→ **YOUR OBJECTIVE**: Produce again, without any change, the lines running from the one with "this 1200×1588 image." through the final line of the data below, and only those.

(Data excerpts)
▼

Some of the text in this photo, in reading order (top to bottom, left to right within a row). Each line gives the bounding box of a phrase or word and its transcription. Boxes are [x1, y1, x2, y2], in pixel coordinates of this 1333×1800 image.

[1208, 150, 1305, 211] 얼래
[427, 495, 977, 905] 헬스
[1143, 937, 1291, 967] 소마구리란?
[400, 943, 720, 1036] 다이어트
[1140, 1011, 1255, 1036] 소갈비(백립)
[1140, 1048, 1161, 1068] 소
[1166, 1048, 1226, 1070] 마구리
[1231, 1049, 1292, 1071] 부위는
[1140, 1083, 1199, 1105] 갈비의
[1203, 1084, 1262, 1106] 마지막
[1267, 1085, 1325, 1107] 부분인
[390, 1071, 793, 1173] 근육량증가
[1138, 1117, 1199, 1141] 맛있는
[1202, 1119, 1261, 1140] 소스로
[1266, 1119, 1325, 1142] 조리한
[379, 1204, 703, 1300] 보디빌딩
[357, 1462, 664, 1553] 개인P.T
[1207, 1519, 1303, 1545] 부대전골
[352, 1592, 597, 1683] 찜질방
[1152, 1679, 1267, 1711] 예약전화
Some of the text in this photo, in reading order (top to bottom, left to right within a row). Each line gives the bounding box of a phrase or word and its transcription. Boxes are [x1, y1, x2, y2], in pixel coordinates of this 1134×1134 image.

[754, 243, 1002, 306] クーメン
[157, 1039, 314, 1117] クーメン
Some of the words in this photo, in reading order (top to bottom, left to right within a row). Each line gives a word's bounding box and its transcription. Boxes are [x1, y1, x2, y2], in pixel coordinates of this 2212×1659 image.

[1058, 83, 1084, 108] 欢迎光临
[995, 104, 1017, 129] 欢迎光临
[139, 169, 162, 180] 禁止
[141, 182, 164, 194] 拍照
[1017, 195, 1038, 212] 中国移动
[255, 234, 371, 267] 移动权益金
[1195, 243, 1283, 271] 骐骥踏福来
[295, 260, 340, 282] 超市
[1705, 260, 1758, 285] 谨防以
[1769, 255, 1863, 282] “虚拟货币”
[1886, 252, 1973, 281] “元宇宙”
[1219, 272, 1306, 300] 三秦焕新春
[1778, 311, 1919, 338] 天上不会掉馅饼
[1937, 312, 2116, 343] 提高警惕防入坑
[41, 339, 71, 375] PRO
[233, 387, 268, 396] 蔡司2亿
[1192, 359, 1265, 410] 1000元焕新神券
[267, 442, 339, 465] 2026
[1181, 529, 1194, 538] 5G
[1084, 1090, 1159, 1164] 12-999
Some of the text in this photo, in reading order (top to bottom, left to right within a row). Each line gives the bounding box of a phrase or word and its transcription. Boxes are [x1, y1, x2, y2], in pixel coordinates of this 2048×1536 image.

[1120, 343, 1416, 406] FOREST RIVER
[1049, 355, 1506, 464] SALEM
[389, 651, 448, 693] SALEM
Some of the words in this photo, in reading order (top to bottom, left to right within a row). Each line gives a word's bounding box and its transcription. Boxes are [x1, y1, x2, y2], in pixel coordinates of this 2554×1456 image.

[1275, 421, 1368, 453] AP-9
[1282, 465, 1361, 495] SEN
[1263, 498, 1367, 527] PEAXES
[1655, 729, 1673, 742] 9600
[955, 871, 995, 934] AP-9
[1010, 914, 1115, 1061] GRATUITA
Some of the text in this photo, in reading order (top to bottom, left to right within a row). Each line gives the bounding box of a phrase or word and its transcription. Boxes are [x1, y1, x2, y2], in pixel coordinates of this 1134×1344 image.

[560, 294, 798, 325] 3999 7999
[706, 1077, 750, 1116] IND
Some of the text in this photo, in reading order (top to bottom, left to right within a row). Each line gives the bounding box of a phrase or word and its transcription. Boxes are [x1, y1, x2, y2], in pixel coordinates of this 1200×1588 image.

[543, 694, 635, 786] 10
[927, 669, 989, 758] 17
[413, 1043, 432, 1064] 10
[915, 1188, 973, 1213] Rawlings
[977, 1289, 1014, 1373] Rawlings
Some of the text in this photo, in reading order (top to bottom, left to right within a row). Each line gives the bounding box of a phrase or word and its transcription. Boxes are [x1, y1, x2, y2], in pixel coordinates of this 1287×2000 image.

▲

→ **TASK OUTPUT**:
Some of the text in this photo, in reading order (top to bottom, left to right within a row). Each line gives the bounding box of a phrase or word and its transcription. Boxes are [x1, y1, x2, y2], in pixel coordinates of this 1200×1588 image.

[543, 694, 635, 786] 10
[927, 669, 989, 758] 17
[413, 1043, 432, 1064] 10
[915, 1188, 973, 1213] Rawlings
[977, 1289, 1014, 1373] Rawlings
Some of the text in this photo, in reading order (top to bottom, left to right within a row). Each line gives the bounding box of a phrase or word and its transcription. Boxes are [x1, y1, x2, y2], in pixel coordinates of this 1287×2000 image.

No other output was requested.